# HOW TO COMPLETE THIS TASK
Below are records to retype exactly, except for the pictures.

(Annotated photo localization data)

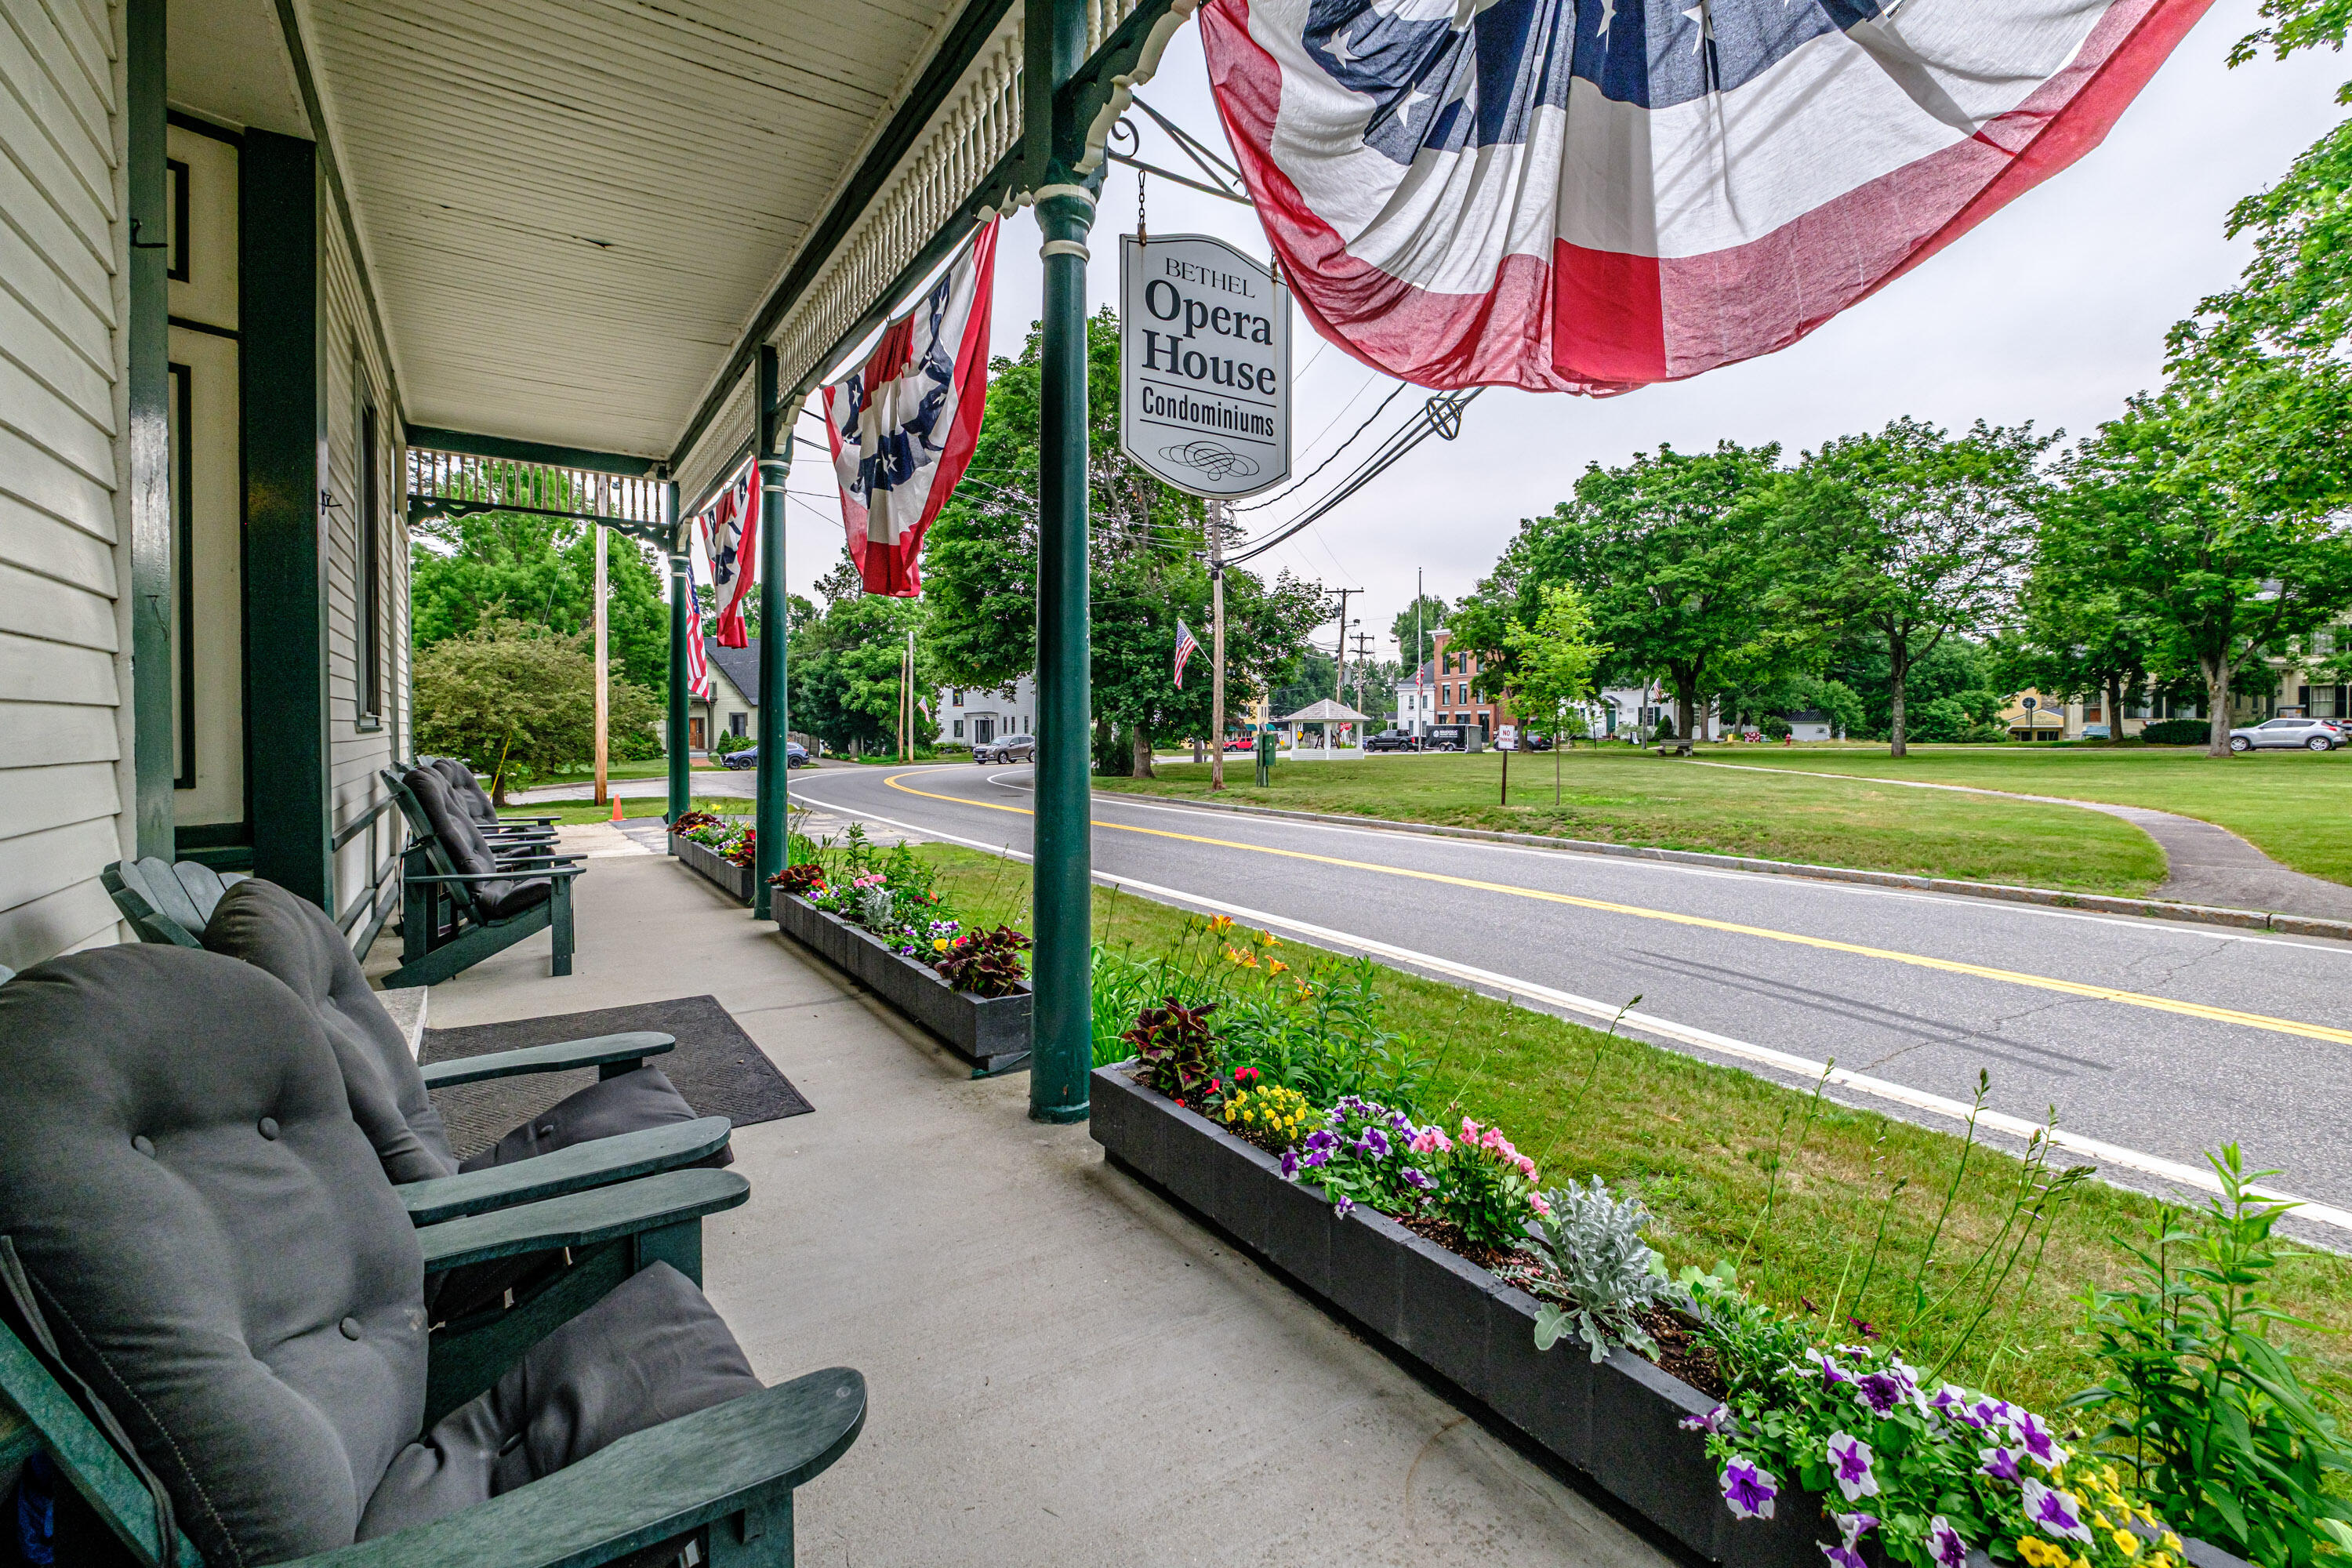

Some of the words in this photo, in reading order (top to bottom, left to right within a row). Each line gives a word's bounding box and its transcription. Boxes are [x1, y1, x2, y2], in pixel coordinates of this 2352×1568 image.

[1166, 257, 1256, 299] BETHEL
[1145, 279, 1273, 346] Opera
[1142, 328, 1276, 396] House
[1142, 386, 1274, 437] Condominiums

# RESULT
Some of the words in this photo, in reading order (top to bottom, left to right within a row). Each line gives a word's bounding box and its transcription. Boxes are [x1, y1, x2, y2], in pixel coordinates of this 2352×1568 image.

[1166, 257, 1256, 299] BETHEL
[1145, 279, 1273, 346] Opera
[1142, 328, 1276, 396] House
[1142, 386, 1274, 437] Condominiums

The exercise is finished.